In vivo large field of view retina and choroid imaging results after compensation. (a) 3D volumetric image; (b) retinal fundus image obtained though integrating between 20 and 250 mm above the RPE layer; (c) choroidal fundus image obtained through integrating between 10 and 250 mm below the RPE layer; (d-f) depth resolved choroid fundus image obtained through integrating from 5 to 30 μm, 30 to 100 μm and 100 to 250 μm below the RPE layer, respectively. See also Media 1 (24.7MB, AVI) .

4. Conclusion

We have demonstrated a newly developed high-speed 1050 nm SD-OCT system based on a new prototype high speed line-scan InGaAs camera.

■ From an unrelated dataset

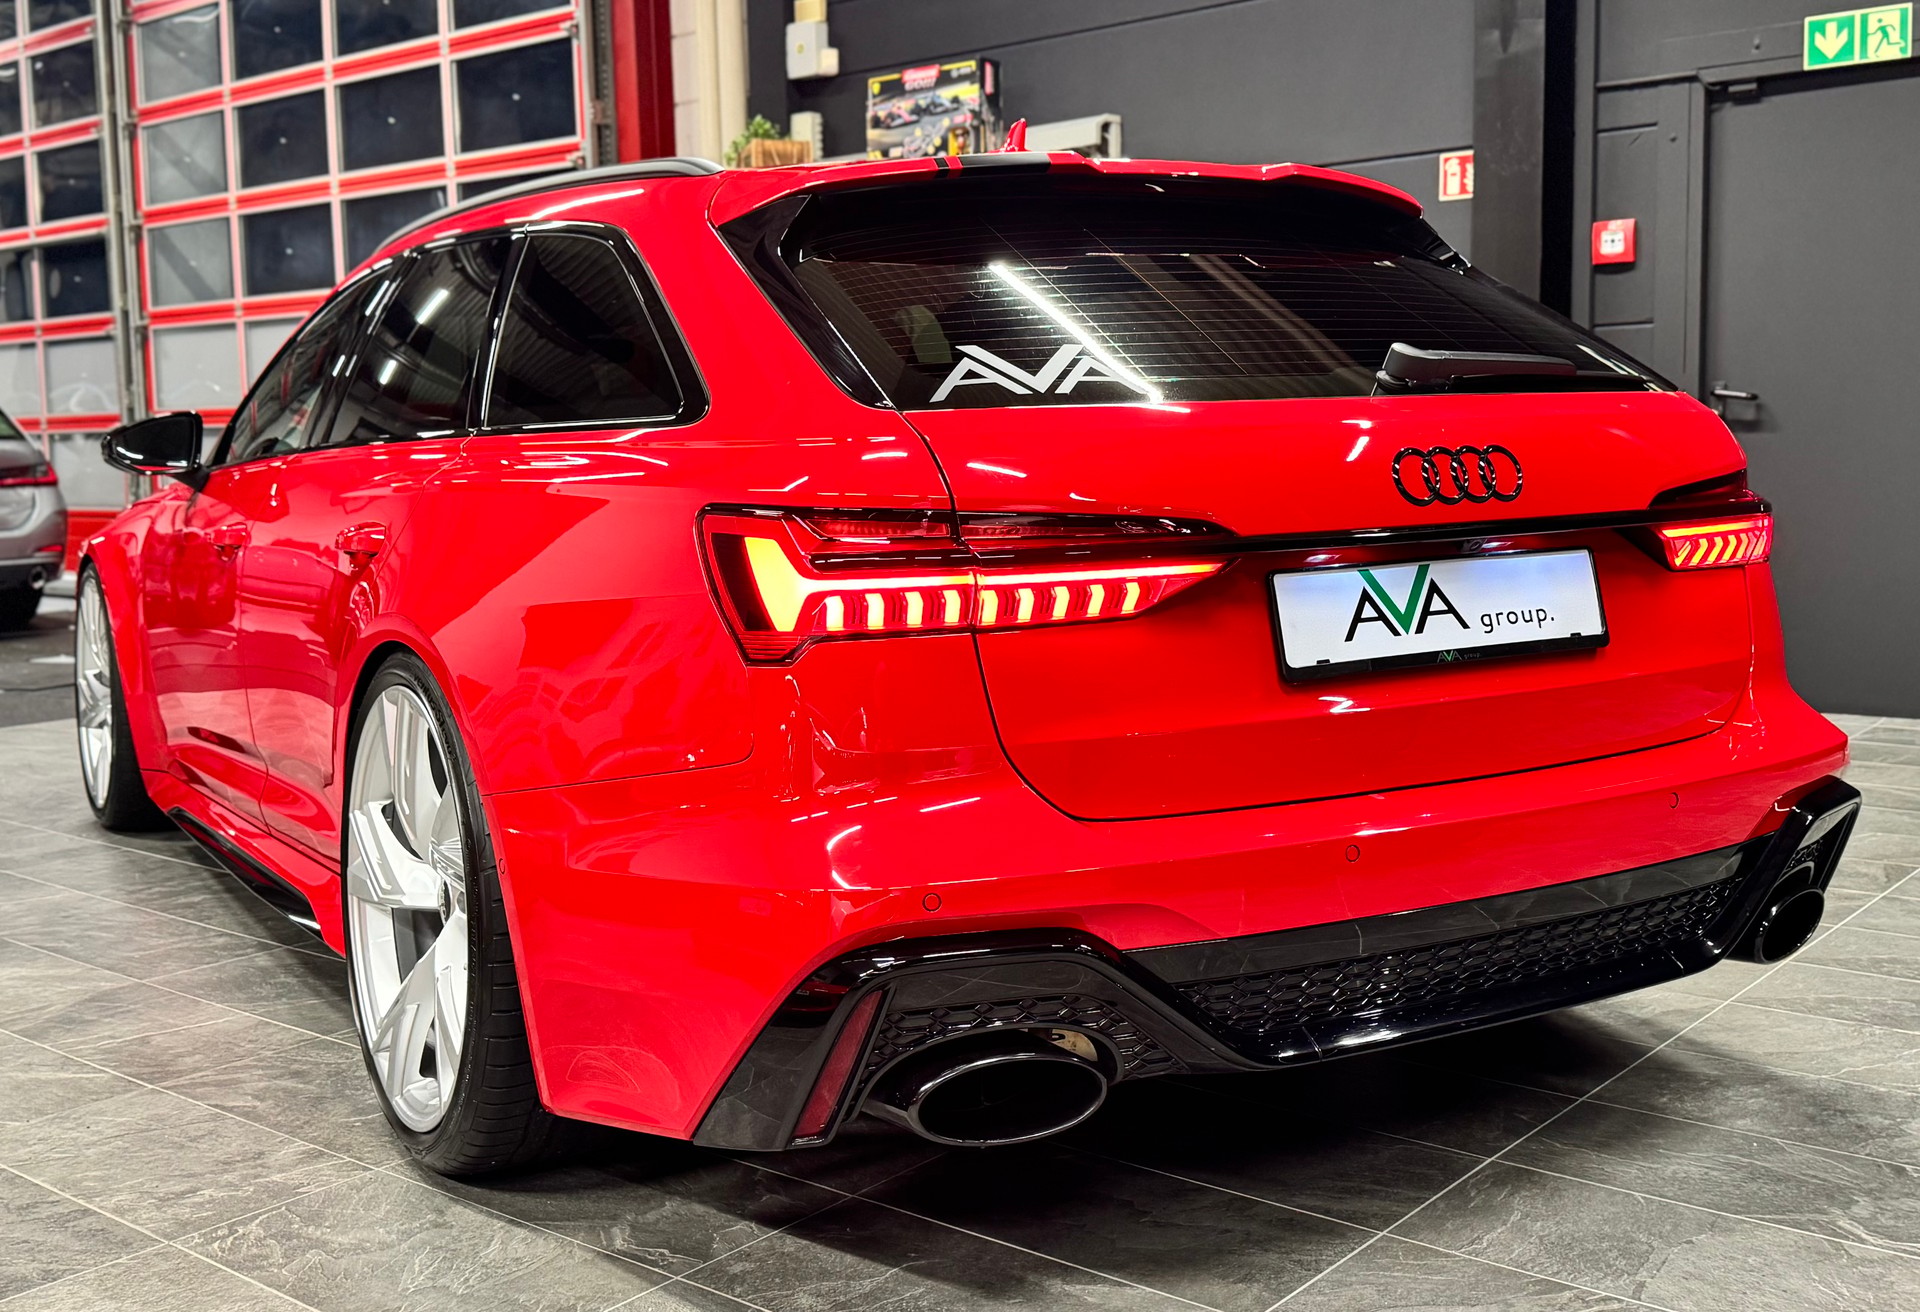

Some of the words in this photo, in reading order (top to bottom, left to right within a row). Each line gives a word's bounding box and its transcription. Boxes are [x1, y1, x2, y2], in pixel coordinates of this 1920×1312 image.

[929, 344, 1149, 403] AVA
[1344, 563, 1471, 643] AVA
[1480, 605, 1556, 634] group.
[1437, 649, 1462, 663] AVA

We have experimentally shown that this new system is capable of an axial resolution of 10 µm in air, an imaging range of 6.1 mm in air, a system sensitivity fall-off at 6 dB/3 mm, and an imaging speed of 120,000 A-lines per second, which system performance parameters are comparable to that of a typical 1µm SS-OCT used for imaging the posterior segment. We have also shown that the proposed system has enough phase stability to perform imaging of dynamic blood flow within retina. The phase stability of the system is an important parameter for any OCT system because it extends the conventional OCT system into functional imaging of blood flow dynamics as well as the tissue movement. With an imaging speed of 120 kHz, we demonstrated the proposed system is capable of providing a large field of the posterior segment of the human eye, an important attribute for retinal imaging because a large of field of view provides an opportunity to quickly survey the retinal status during the eye examination.

Acknowledgments

This research was supported in part by research grants from the National Institutes of Health (R01EB009682 and R01HL093140) and the W. H. Coulter Foundation Translational Research Partnership Program. Dr. Wang is a recipient of Research to Prevent Blindness Innovative Research Award. The content is solely the responsibility of the authors and does not necessarily represent the official views of grant-giving bodies.